*Data for analysis*
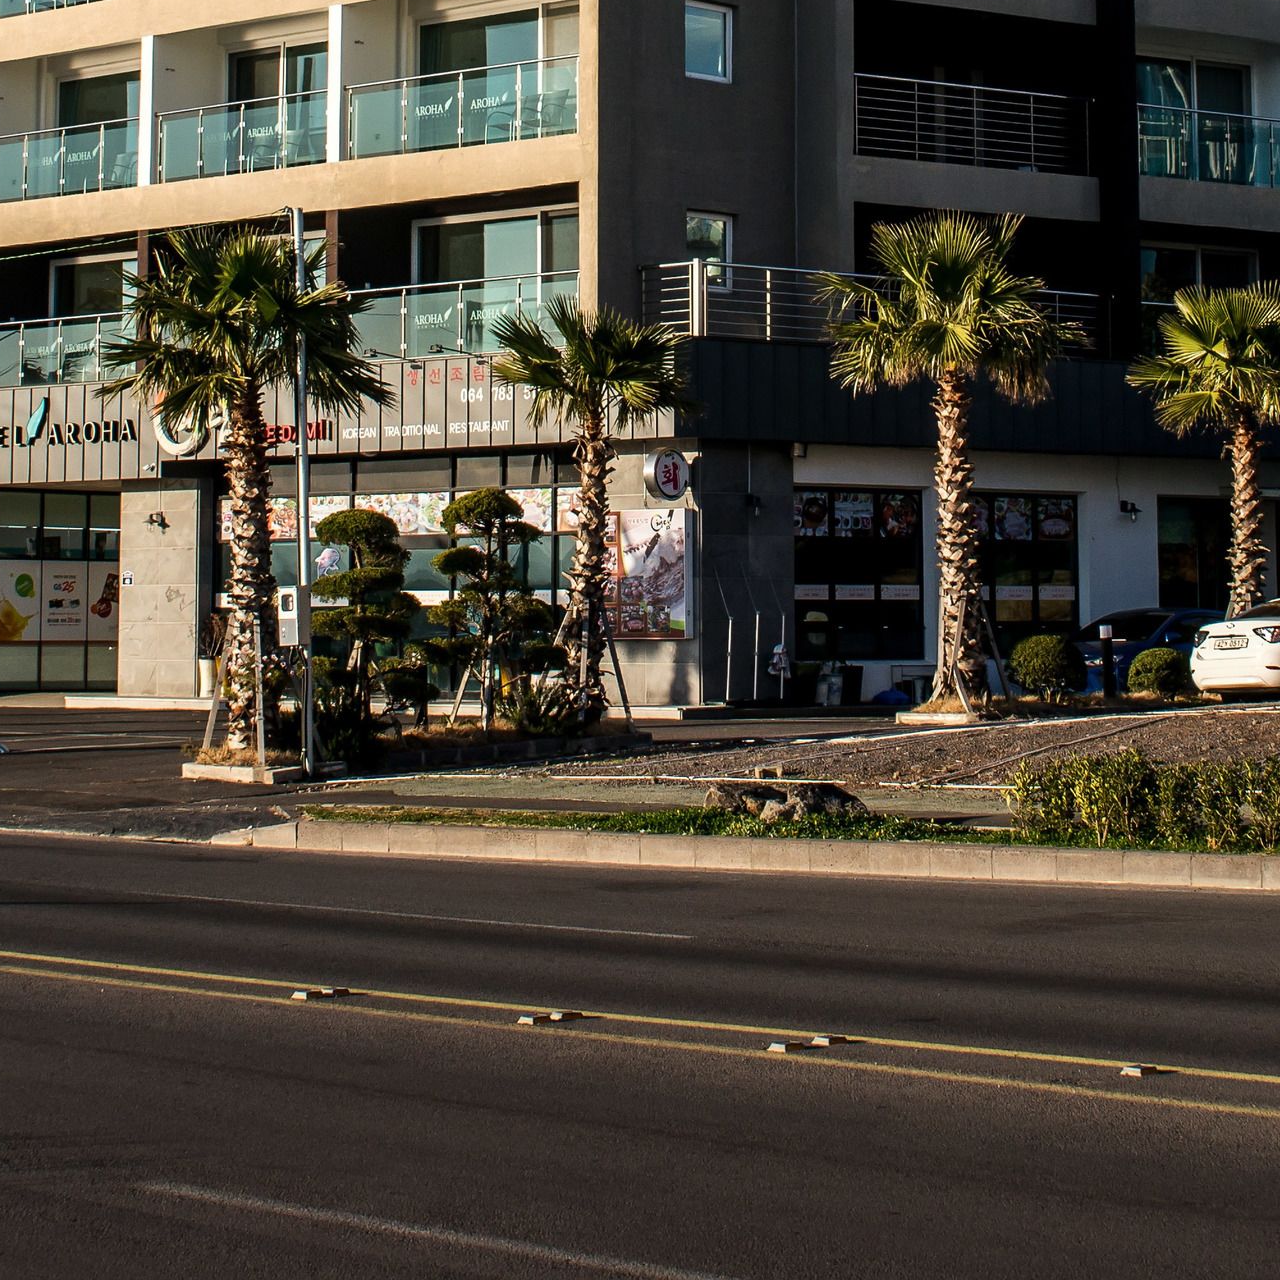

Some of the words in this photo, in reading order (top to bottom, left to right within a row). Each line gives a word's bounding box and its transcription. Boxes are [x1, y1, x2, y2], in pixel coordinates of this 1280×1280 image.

[415, 103, 444, 117] AROHA
[471, 97, 500, 110] AROHA
[247, 126, 274, 138] AROHA
[66, 151, 92, 163] AROHA
[414, 313, 444, 325] AROHA
[470, 308, 500, 321] AROHA
[460, 387, 483, 403] 064
[47, 419, 137, 446] AROHA
[342, 426, 377, 440] KOREAN
[384, 423, 441, 437] TRADITIONAL
[449, 420, 510, 434] RESTAURANT
[661, 462, 679, 491] 회
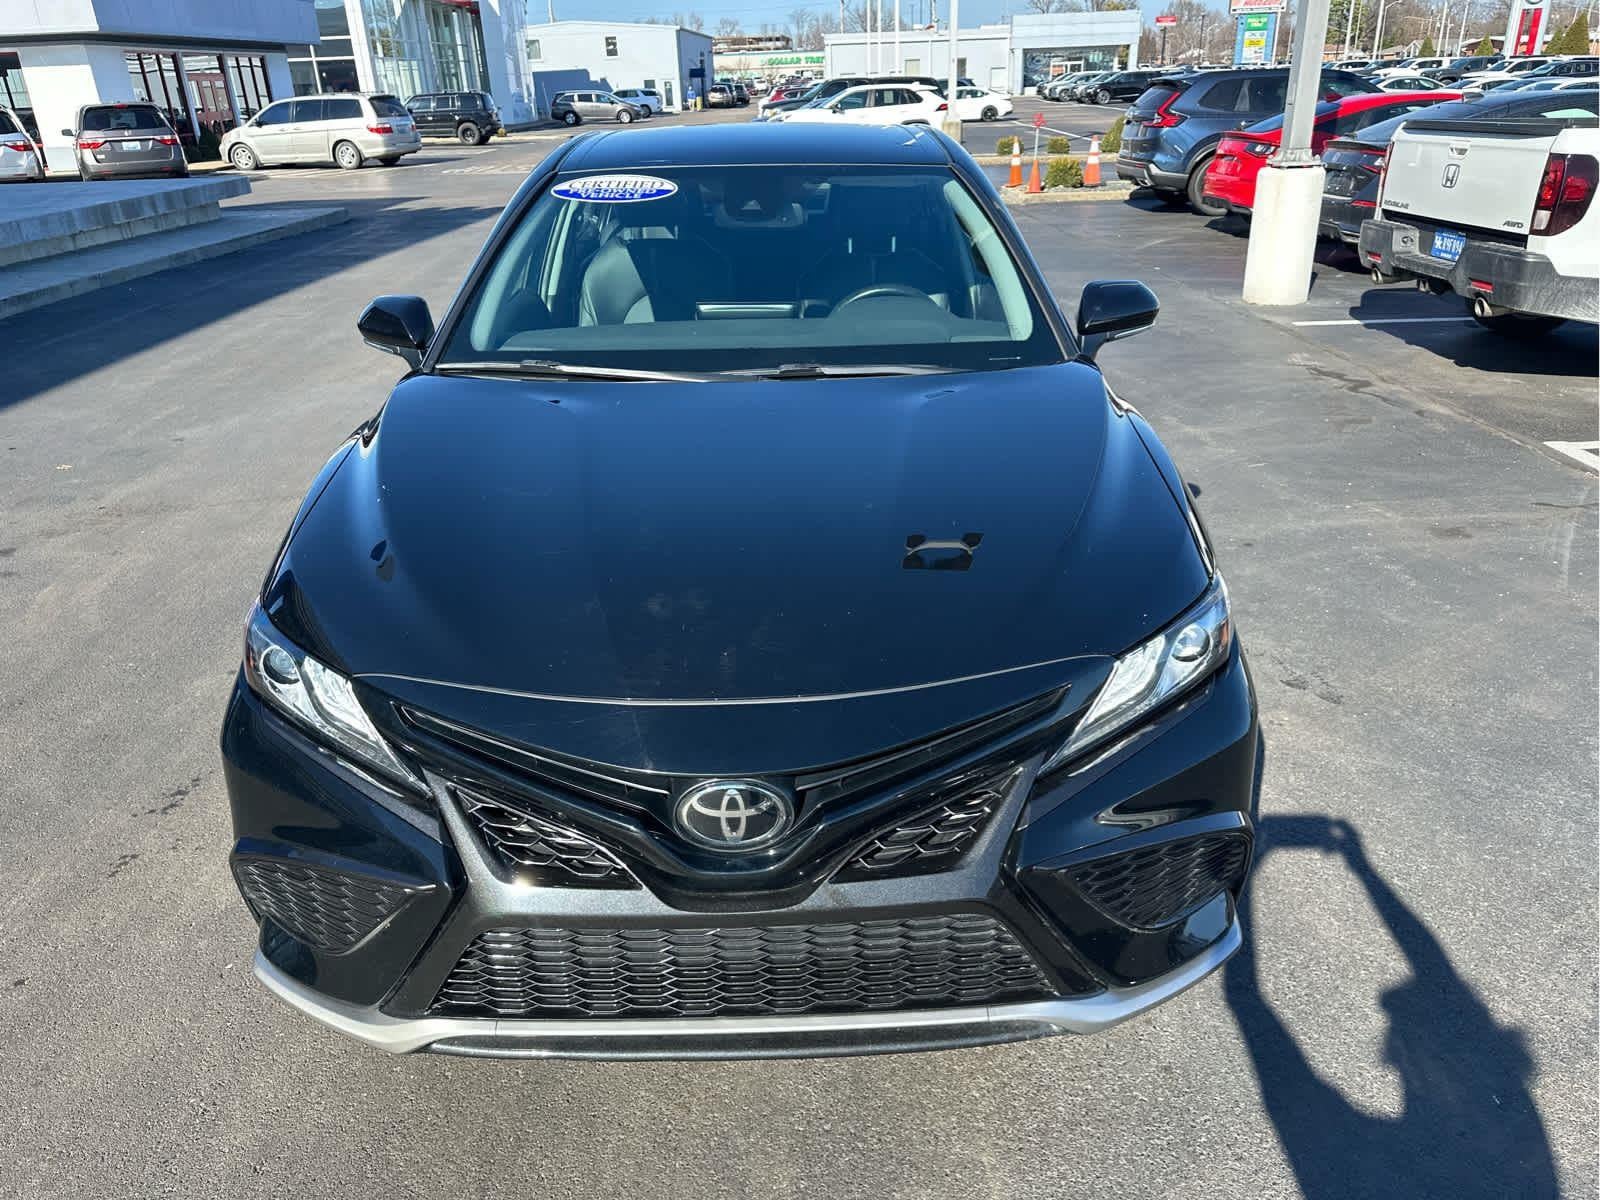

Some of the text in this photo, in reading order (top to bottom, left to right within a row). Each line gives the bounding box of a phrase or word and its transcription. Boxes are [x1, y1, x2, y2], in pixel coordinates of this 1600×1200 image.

[768, 57, 802, 66] DOLLAR
[568, 180, 665, 189] CERTIFIED
[568, 187, 657, 195] PRE-OWNED
[1502, 220, 1524, 229] AWD
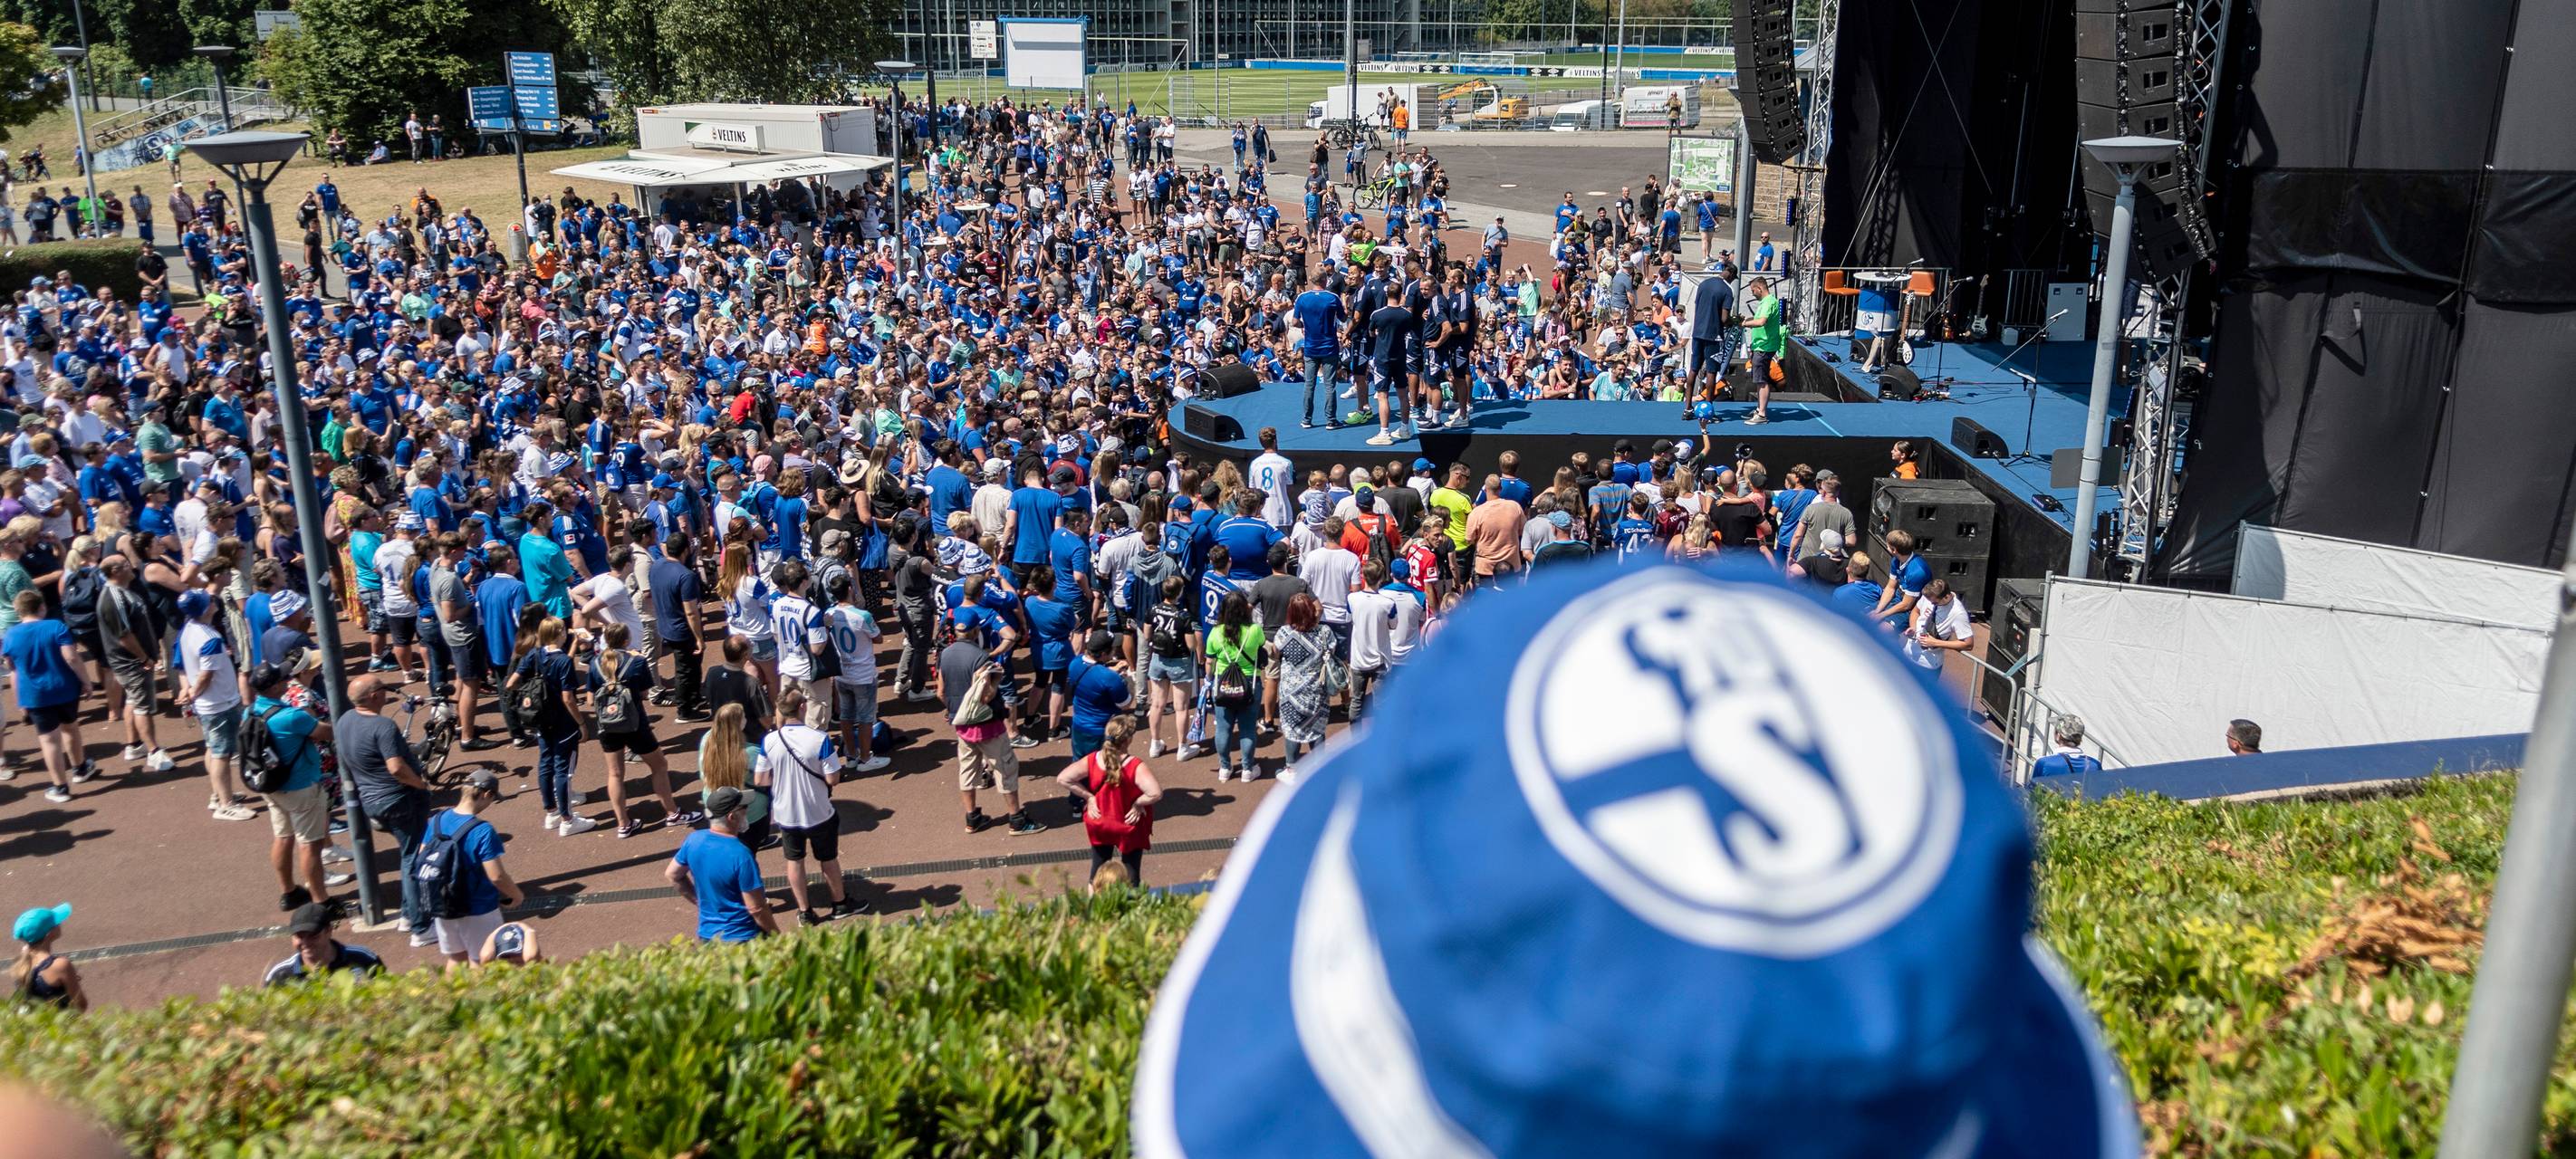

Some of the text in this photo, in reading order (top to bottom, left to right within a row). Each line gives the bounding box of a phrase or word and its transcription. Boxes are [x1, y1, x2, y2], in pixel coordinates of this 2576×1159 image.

[1574, 69, 1600, 77] VELTINS
[717, 129, 746, 143] VELTINS
[617, 165, 682, 179] VELTINS
[775, 164, 827, 173] VELTINS
[1261, 466, 1274, 491] 8
[934, 584, 947, 610] 6
[1206, 589, 1218, 618] 9
[781, 604, 802, 615] SCHALKE
[780, 616, 802, 647] 10
[1153, 614, 1177, 639] 24

*Task*
Each record should be written out again exactly, though without its pictures.

*Solution below*
Some of the words in this photo, in reading order (top to bottom, left to right within a row). Each line gives a word's bounding box and its transcription. Boxes are [x1, y1, x2, y2], in pixel coordinates of this 1280×1280 image.

[415, 103, 444, 117] AROHA
[471, 97, 500, 110] AROHA
[247, 126, 274, 138] AROHA
[66, 151, 92, 163] AROHA
[414, 313, 444, 325] AROHA
[470, 308, 500, 321] AROHA
[460, 387, 483, 403] 064
[47, 419, 137, 446] AROHA
[342, 426, 377, 440] KOREAN
[384, 423, 441, 437] TRADITIONAL
[449, 420, 510, 434] RESTAURANT
[661, 462, 679, 491] 회

Some of the text in this photo, in reading order (top to bottom, left to right within a row). Each line gives the bounding box of a phrase or word and its transcription. Boxes are [x1, y1, x2, y2], in pixel coordinates of this 1600×1200 image.

[768, 57, 802, 66] DOLLAR
[568, 180, 665, 189] CERTIFIED
[568, 187, 657, 195] PRE-OWNED
[1502, 220, 1524, 229] AWD

Some of the text in this photo, in reading order (top to bottom, left to right within a row). Each line gives the bounding box of a phrase or word and its transcription. Boxes are [x1, y1, x2, y2], in pixel coordinates of this 2576×1159 image.

[1574, 69, 1600, 77] VELTINS
[717, 129, 746, 143] VELTINS
[617, 165, 682, 179] VELTINS
[775, 164, 827, 173] VELTINS
[1261, 466, 1274, 491] 8
[934, 584, 947, 610] 6
[1206, 589, 1218, 618] 9
[781, 604, 802, 615] SCHALKE
[780, 616, 802, 647] 10
[1153, 614, 1177, 639] 24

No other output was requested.